=== Images for object localization ===
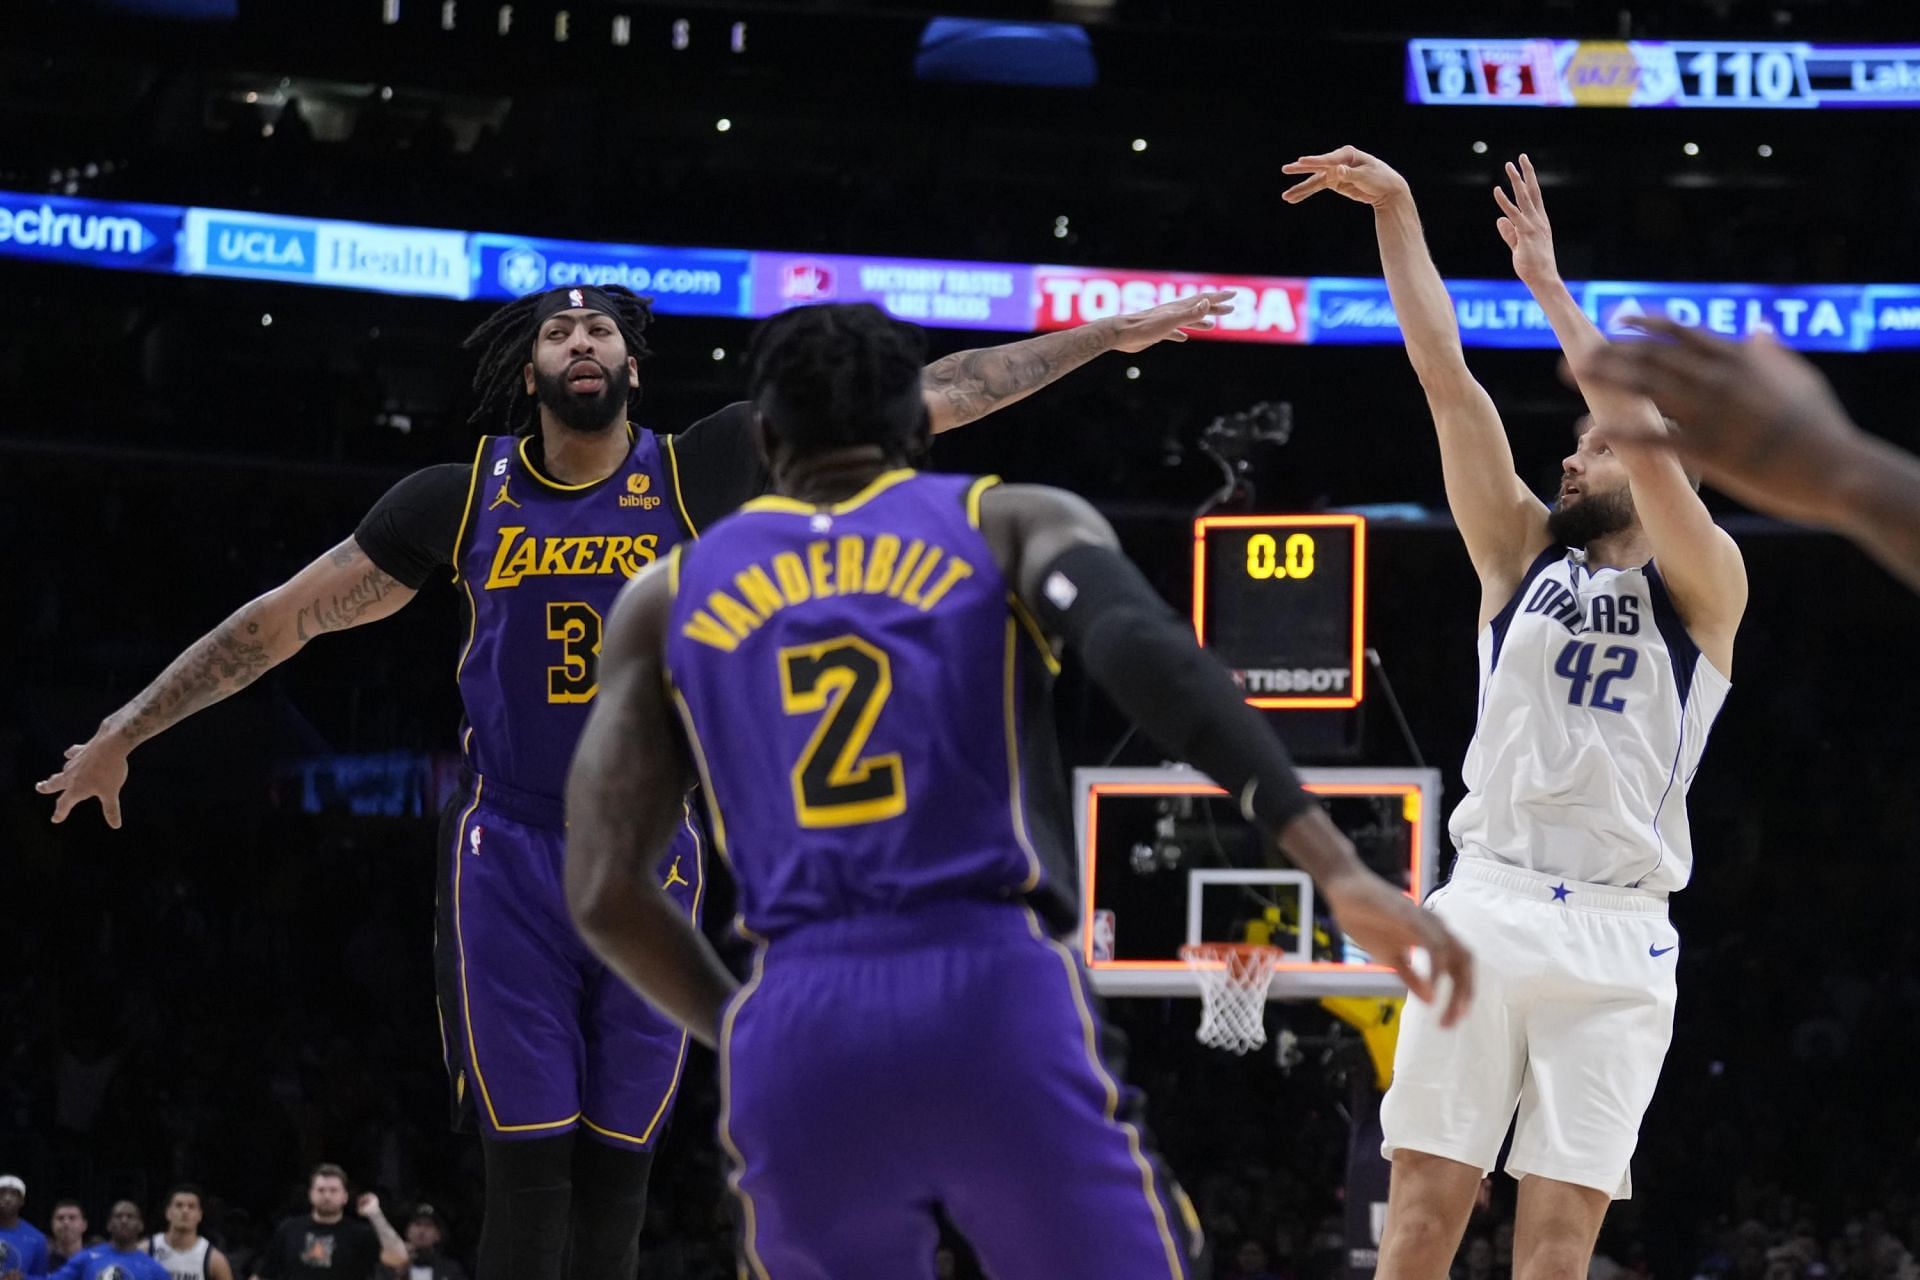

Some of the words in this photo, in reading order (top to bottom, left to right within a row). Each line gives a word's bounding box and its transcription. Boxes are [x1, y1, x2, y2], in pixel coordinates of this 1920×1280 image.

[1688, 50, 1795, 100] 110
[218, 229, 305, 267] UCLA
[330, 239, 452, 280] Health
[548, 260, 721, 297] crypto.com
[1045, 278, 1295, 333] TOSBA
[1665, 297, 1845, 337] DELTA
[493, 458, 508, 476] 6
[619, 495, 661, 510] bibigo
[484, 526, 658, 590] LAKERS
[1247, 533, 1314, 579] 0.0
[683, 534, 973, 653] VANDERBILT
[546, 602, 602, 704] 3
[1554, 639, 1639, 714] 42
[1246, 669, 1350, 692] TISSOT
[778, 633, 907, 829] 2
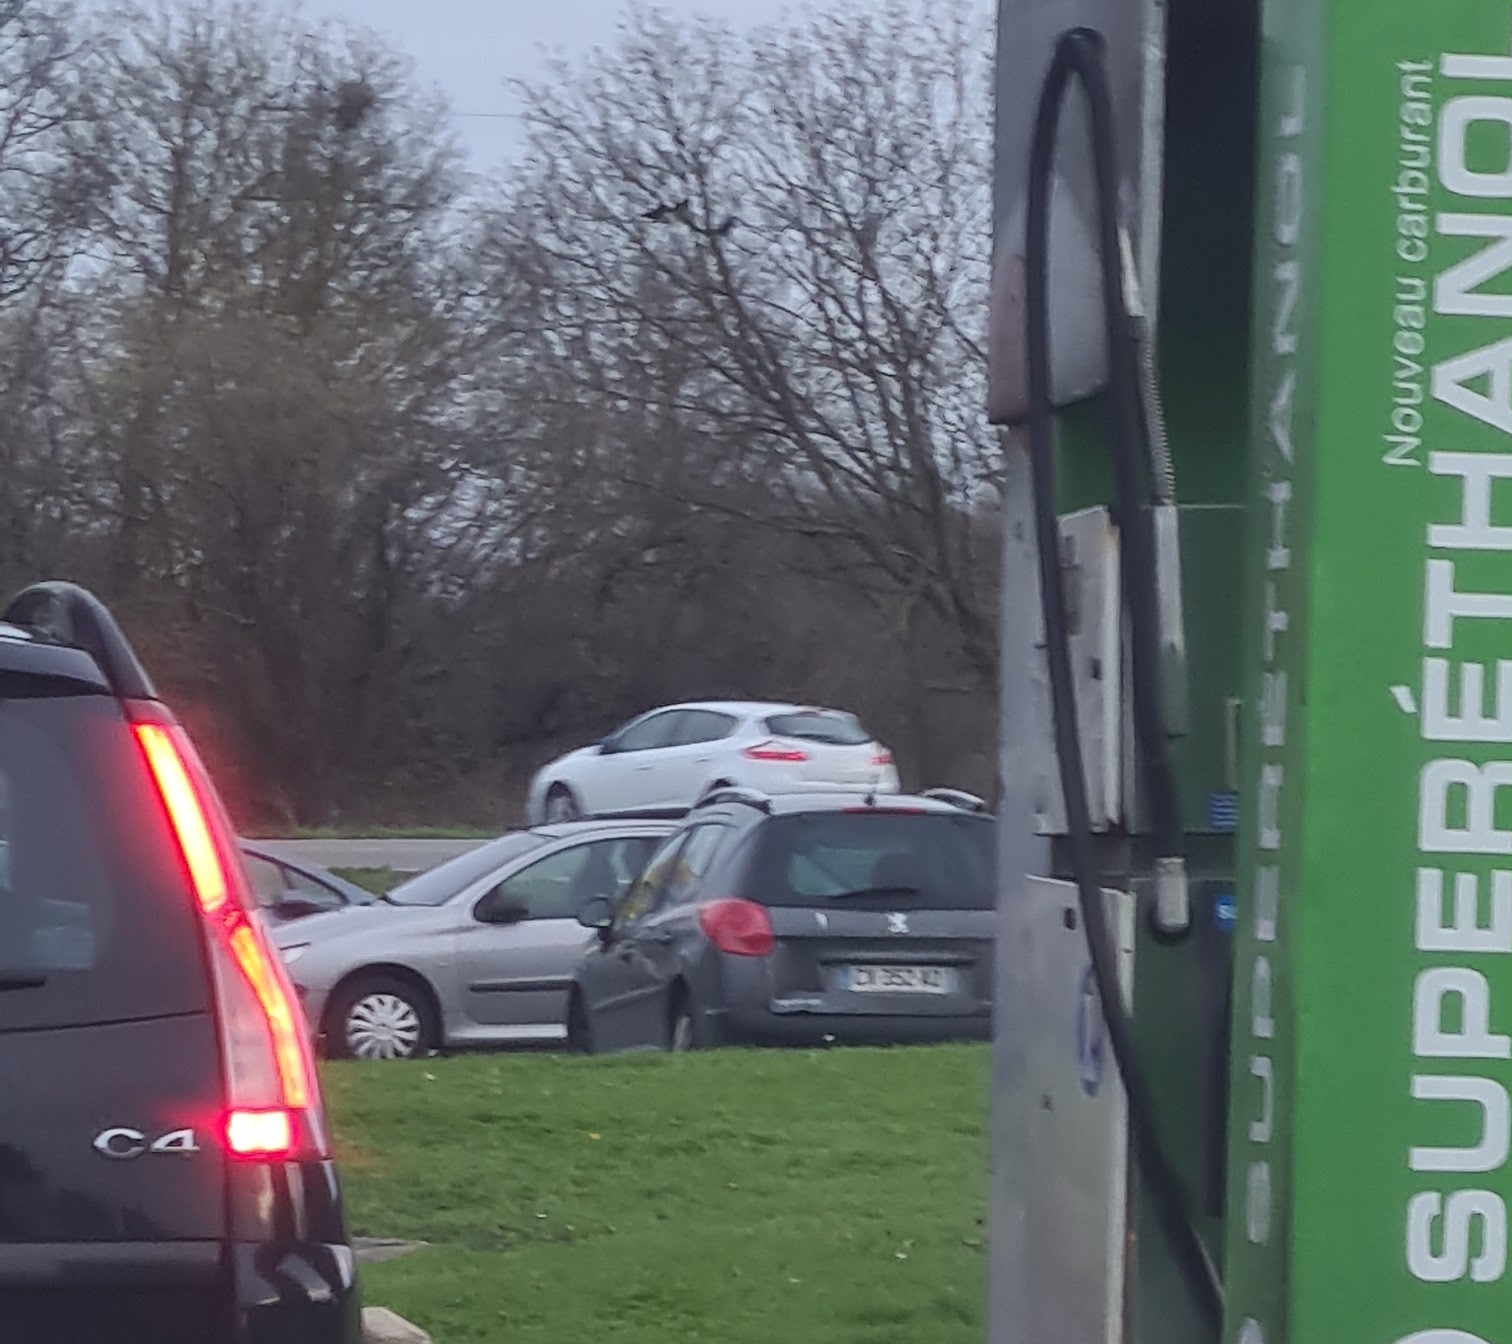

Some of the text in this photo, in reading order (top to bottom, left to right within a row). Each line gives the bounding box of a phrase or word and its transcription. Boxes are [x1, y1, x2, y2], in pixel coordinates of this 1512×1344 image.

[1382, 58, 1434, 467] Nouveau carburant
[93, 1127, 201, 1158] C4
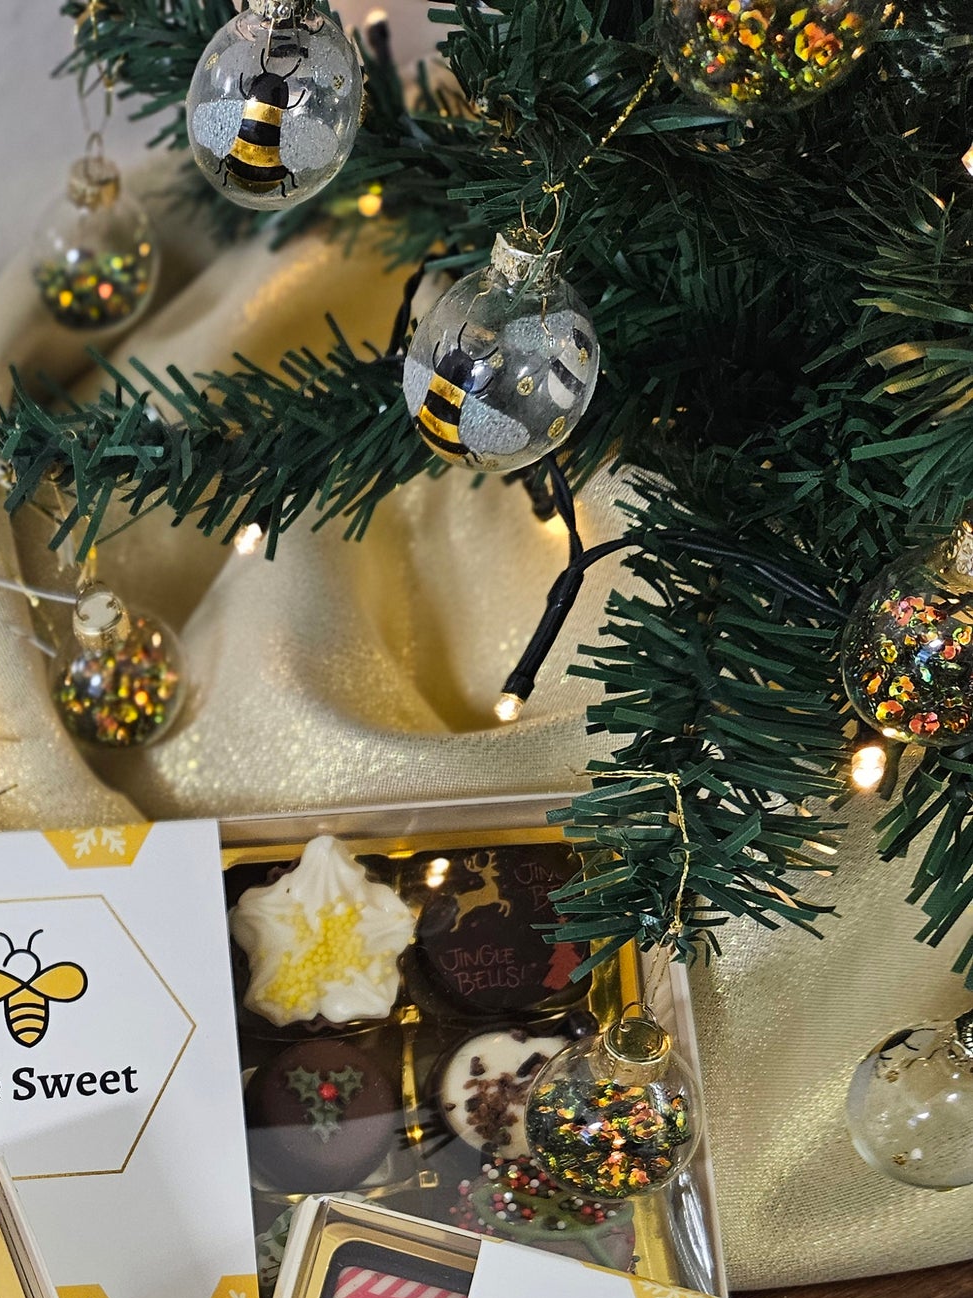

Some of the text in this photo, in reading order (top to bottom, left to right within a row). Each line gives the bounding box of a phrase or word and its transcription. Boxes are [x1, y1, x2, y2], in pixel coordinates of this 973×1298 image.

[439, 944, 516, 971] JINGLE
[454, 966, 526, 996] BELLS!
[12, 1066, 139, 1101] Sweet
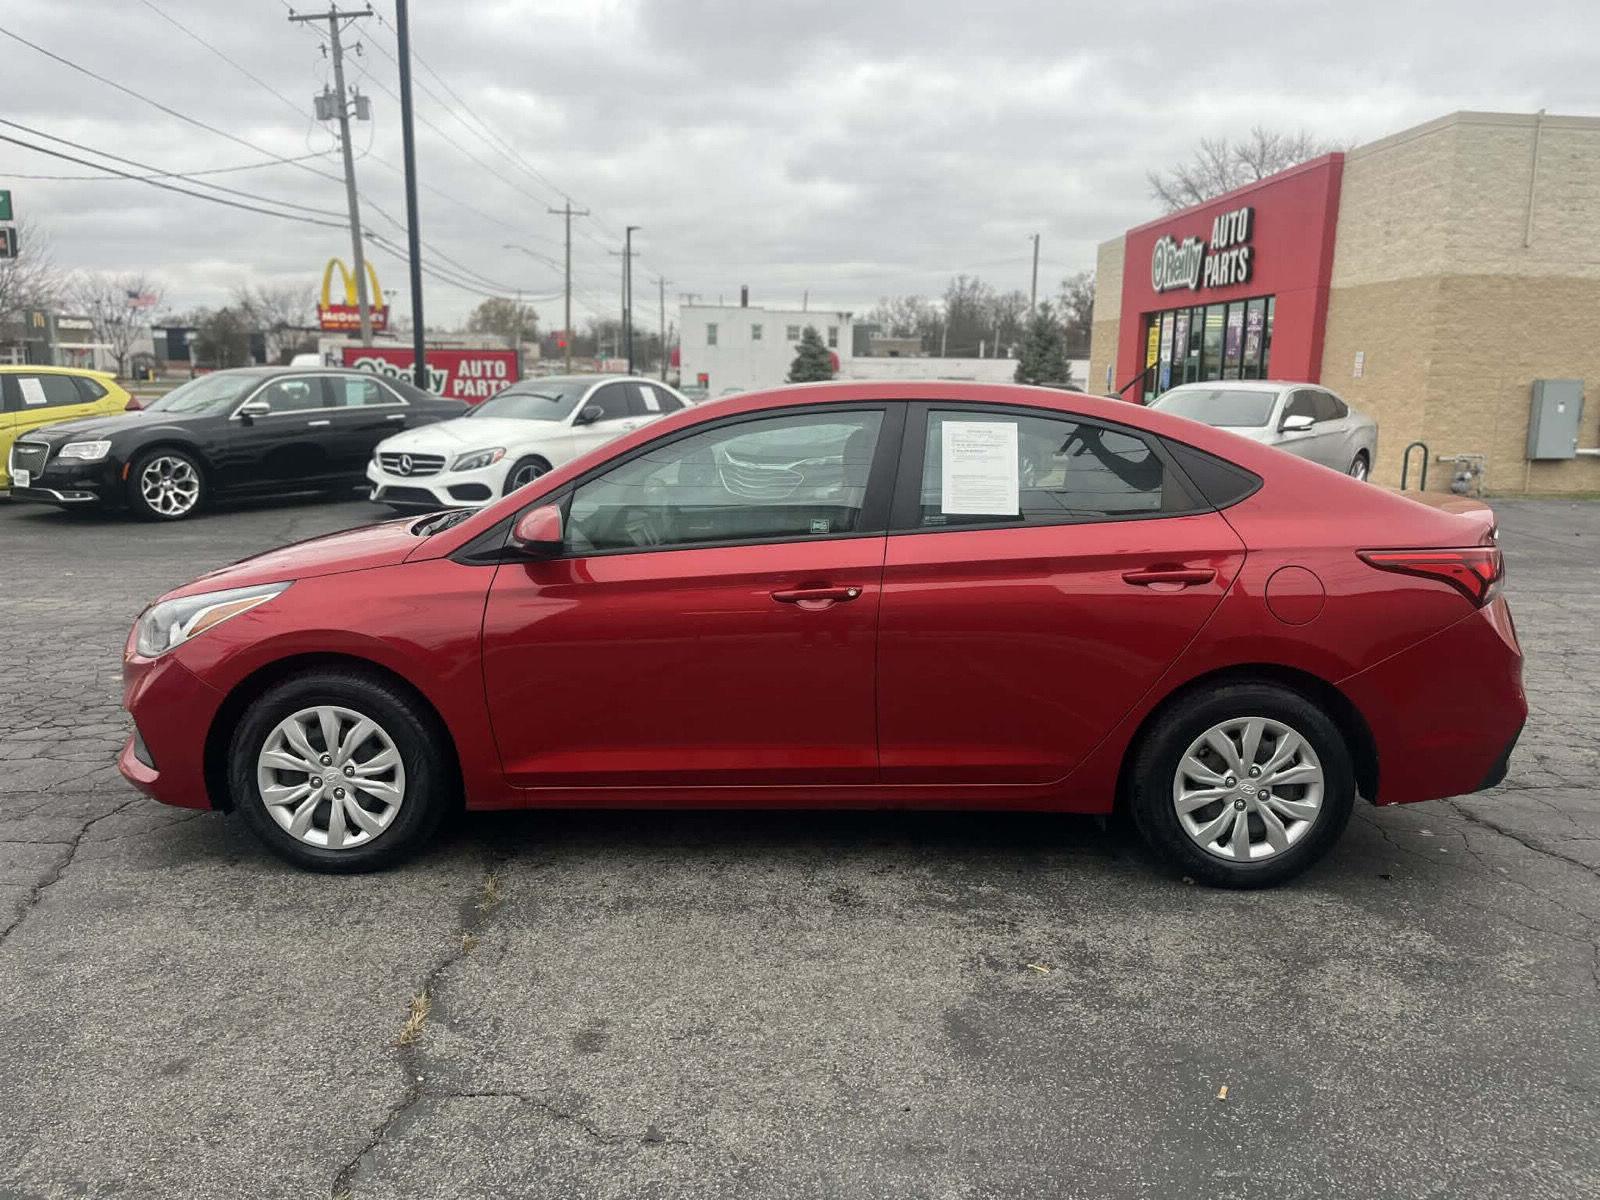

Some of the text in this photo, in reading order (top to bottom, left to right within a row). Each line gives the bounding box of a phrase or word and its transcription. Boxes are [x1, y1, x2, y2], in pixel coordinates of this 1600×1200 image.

=== What you are asked to do ===
Please print every record exactly, leaving out the pictures.

=== Reply to the exercise ===
Some of the words in this photo, in reading order (top to bottom, left to right within a row). Each line gives a word's bounding box and its transcription. Boxes are [x1, y1, x2, y2], in pixel coordinates of this 1920×1280 image.

[1688, 50, 1795, 100] 110
[218, 229, 305, 267] UCLA
[330, 239, 452, 280] Health
[548, 260, 721, 297] crypto.com
[1045, 278, 1295, 333] TOSBA
[1665, 297, 1845, 337] DELTA
[493, 458, 508, 476] 6
[619, 495, 661, 510] bibigo
[484, 526, 658, 590] LAKERS
[1247, 533, 1314, 579] 0.0
[683, 534, 973, 653] VANDERBILT
[546, 602, 602, 704] 3
[1554, 639, 1639, 714] 42
[1246, 669, 1350, 692] TISSOT
[778, 633, 907, 829] 2

Some of the text in this photo, in reading order (top to bottom, left to right within a row). Each line gives the bounding box of a phrase or word and its transcription. Boxes are [x1, y1, x2, y2], in pixel coordinates of this 1512×1344 image.

[1382, 58, 1434, 467] Nouveau carburant
[93, 1127, 201, 1158] C4

Some of the text in this photo, in reading order (top to bottom, left to right within a row). Each line gives the bounding box of a phrase or word and its transcription. Boxes are [x1, y1, x2, y2], in pixel coordinates of this 973×1298 image.

[439, 944, 516, 971] JINGLE
[454, 966, 526, 996] BELLS!
[12, 1066, 139, 1101] Sweet

Some of the text in this photo, in reading order (top to bottom, left to right within a row). Each line gives the bounding box of a phrase or word and its transcription. Boxes are [x1, y1, x2, y2], in pixel coordinates of this 1600×1200 image.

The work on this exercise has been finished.